Russia-Trump campaign contacts a concern, ex-CIA chief says

White House senior adviser Jared Kushner left and his wife Ivanka Trump watch during a visit by President Donald Trump to Yad Vashem to honor the victims of the Holocaust in Jerusalem. The Washington Post is reporting that

His statements about the number of contacts between associates of the Trump campaign and the Russians again put details about contacts with the Kremlin into the spotlight as reports emerged that Mr Trump had asked his national intelligence director and NSA chief to state publicly there was no evidence of collusion before investigations into the matter were complete.

He also says that before sharing such classified intelligence with foreign partners, the USA would go back to the intelligence partner that provided the information to make sure what was shared would not compromise operatives.

Brennan confirmed that by last summer, the intelligence showing Russian intervention in the election included striking contacts with members of the Trump circle.

Appearing before the House Intelligence Committee in Washington on Tuesday, Mr Brennan said he had encountered and was aware of "information and intelligence that revealed contacts and interactions between Russian officials and U.S. persons involved in the Trump campaign".

Brennan called the appearance "despicable" and said that Trump should be "ashamed".

Brennan's testimony was the first public confirmation of the worry at high levels of the us government past year over suspicious contacts between Trump campaign associates and Moscow.

Brennan was among the top officials who briefed then-President Elect Trump on that conclusion - which represented the consensus view of the CIA, the Federal Bureau of Investigation and the office of the Director of National Intelligence.

Republicans on the House intelligence committee pushed Brennan about whether there was evidence of collusion between Russian Federation and the Trump campaign, a point President Donald Trump has tried to enlist allies to quash. Moscow has denied the allegation. He also discussed his concerns about contacts between the Trump campaign and Russian Federation.

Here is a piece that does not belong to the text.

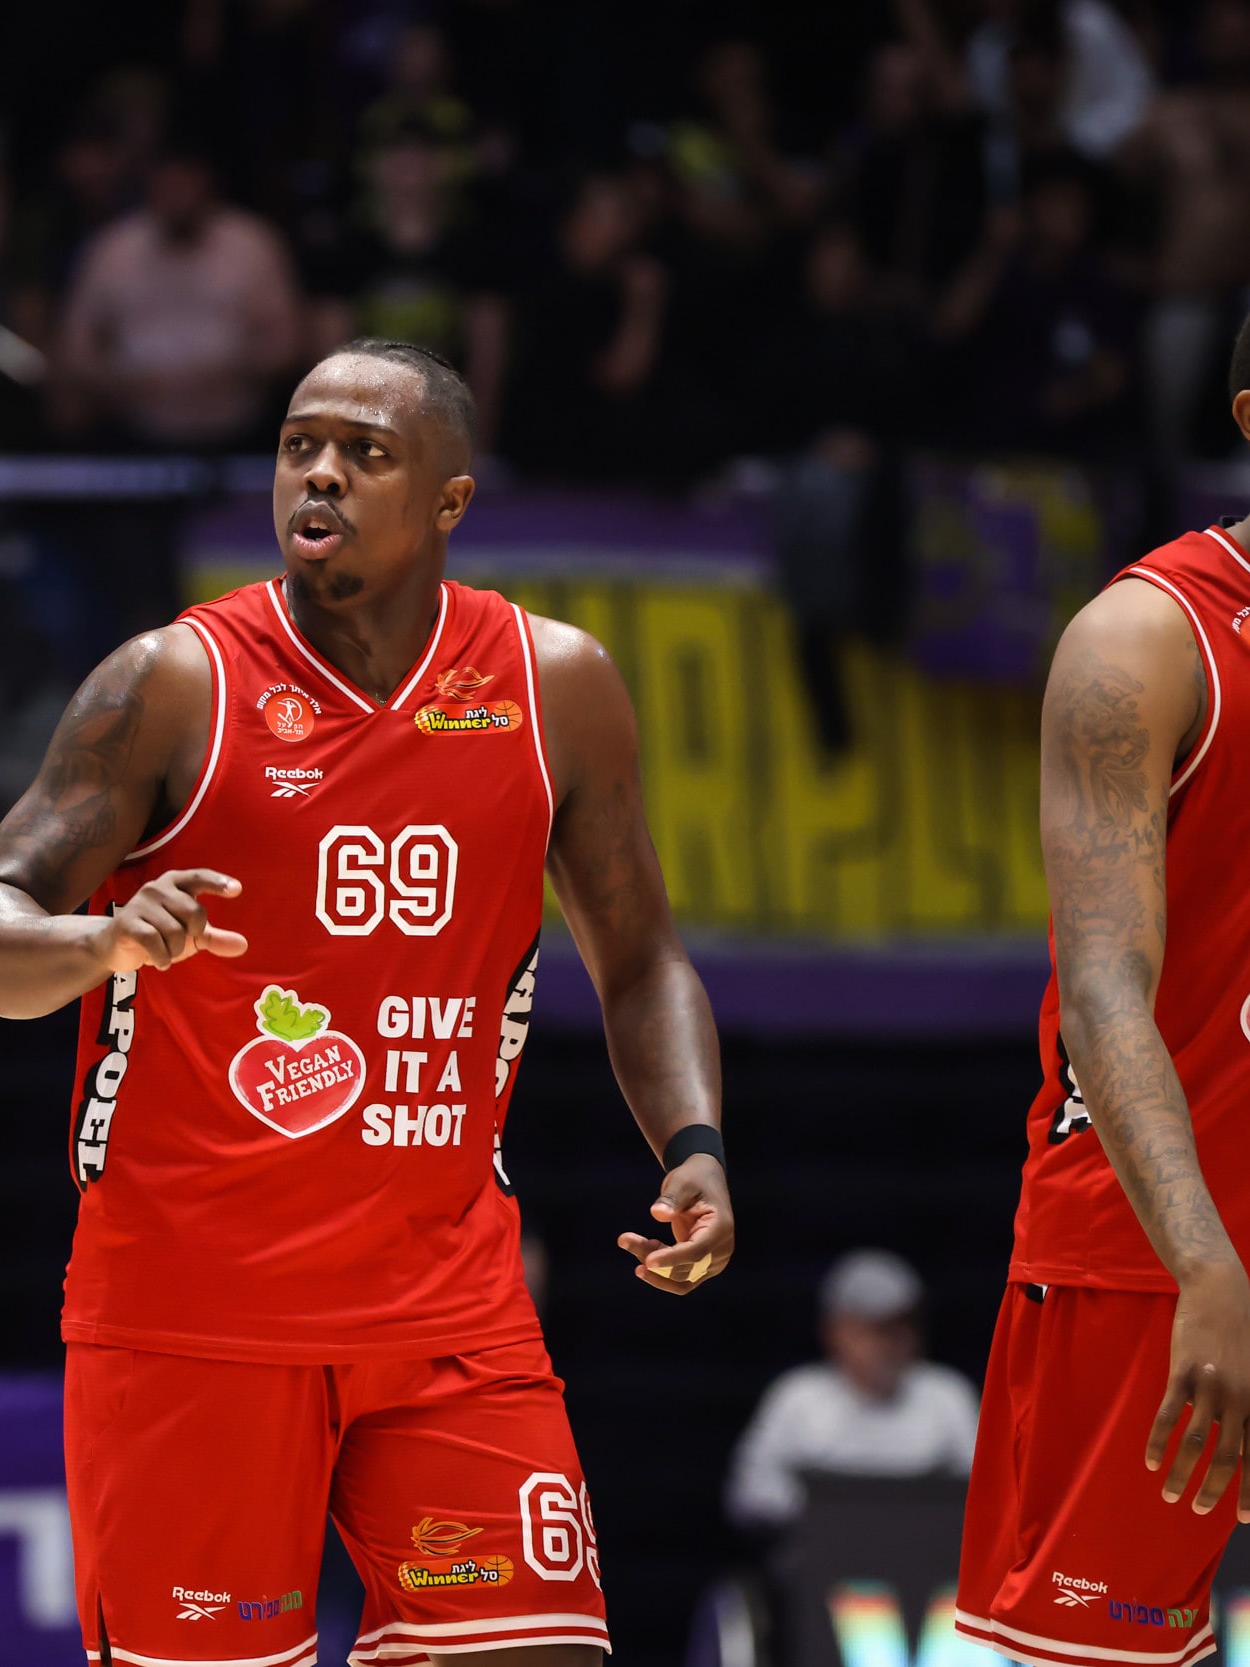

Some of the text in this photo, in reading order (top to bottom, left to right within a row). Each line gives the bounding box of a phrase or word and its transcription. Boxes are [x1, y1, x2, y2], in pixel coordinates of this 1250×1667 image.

"It should be clear to everyone Russian Federation brazenly interfered in our 2016 presidential election process and that they undertook these activities despite our strong protests and explicit warning that they do not do so", Brennan said.

Brennan has feuded publicly with Trump over the president's treatment of intelligence agencies.

Brennan, testifying for the first time as a private citizen, offered up a stream of news and developments Tuesday morning, but the biggest was clearly that he saw evidence that Trump aides were being courted by Russian operatives. "They try to suborn individuals and try to get individuals, including USA individuals, to act on their behalf, wittingly or unwittingly", the former Central Intelligence Agency director said.

Republican Representative Trey Gowdy asked Brennan: "Did you see evidence of collusion, coordination and conspiracy between Donald Trump and Russian state actors?".

Speaking before the Senate Armed Services Committee, National Intelligence Director Dan Coats refused to confirm or deny those reports.

The former FBI director was appointed last week to serve as special counsel overseeing a counterintelligence investigation into Russian interference in last year's presidential election.

In October, the Office of the Director of National Intelligence and the Department of Homeland Security jointly stated that Russian Federation had hacked Democratic National Committee servers and Hillary Clinton campaign chairman John Podesta's personal email account and leaked their documents to WikiLeaks in an attempt to discredit Clinton before the election. The FSB head denied such a campaign, according to Brennan, but said he would pass along USA concerns to Russian president Vladimir Putin.

As Trump's campaign chairman during several key months in 2016, Manafort was tasked with managing the chaotic effort as the NY businessman shifted from being a Republican outsider to taking control of the party apparatus as its presidential nominee.

The Post reported that the president asked Mr. Coats and the National Security Agency director, Adm. Mike Rogers, to deny publicly the existence of any evidence of collusion between the Trump campaign and Russian Federation. Later, when Sen. Jack Reed, D-R.I., asked the question as a hypothetical, Coats said his role was to "gather intelligence to present to political bodies".

"I don't feel that it's appropriate to characterize my discussions with the president", he said after being asked about it by Sen.

The Post reported Coats and Rogers declined the request.